Assignment:
Should a picture appear anywhere in the data, omit it and copy everything else exactly.

Available data:
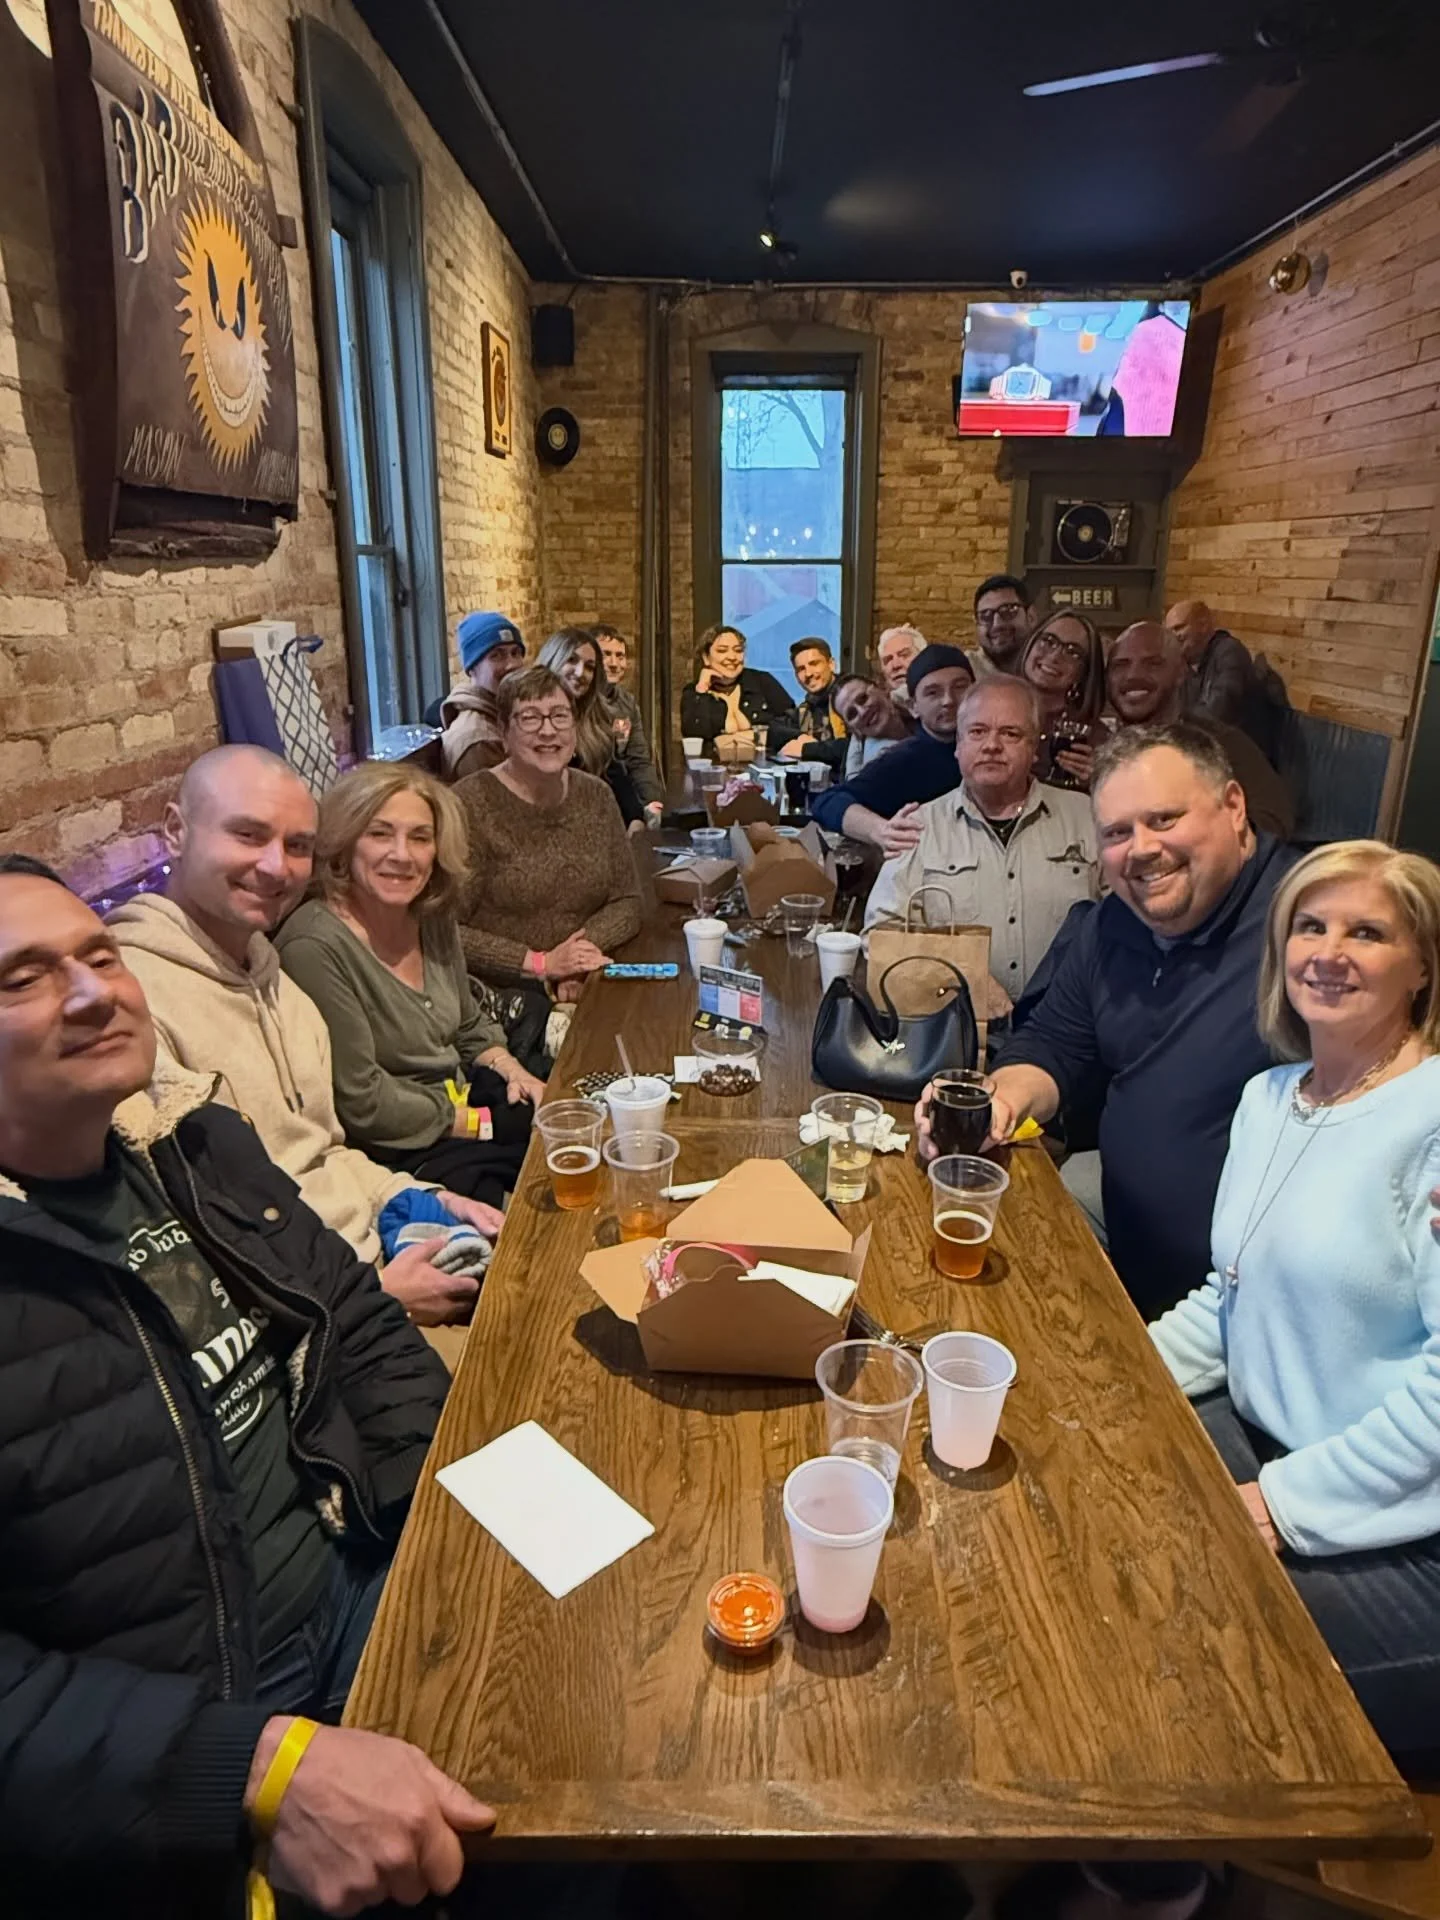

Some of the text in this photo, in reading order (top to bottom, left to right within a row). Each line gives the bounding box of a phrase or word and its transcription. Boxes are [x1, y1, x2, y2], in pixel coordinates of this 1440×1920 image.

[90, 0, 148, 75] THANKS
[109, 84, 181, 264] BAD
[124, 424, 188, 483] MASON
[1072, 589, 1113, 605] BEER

The answer:
Some of the text in this photo, in reading order (top to bottom, left to right within a row). Each line gives the bounding box of a phrase or word and its transcription. Boxes are [x1, y1, x2, y2], in pixel coordinates of this 1440×1920 image.

[90, 0, 148, 75] THANKS
[109, 84, 181, 264] BAD
[124, 424, 188, 483] MASON
[1072, 589, 1113, 605] BEER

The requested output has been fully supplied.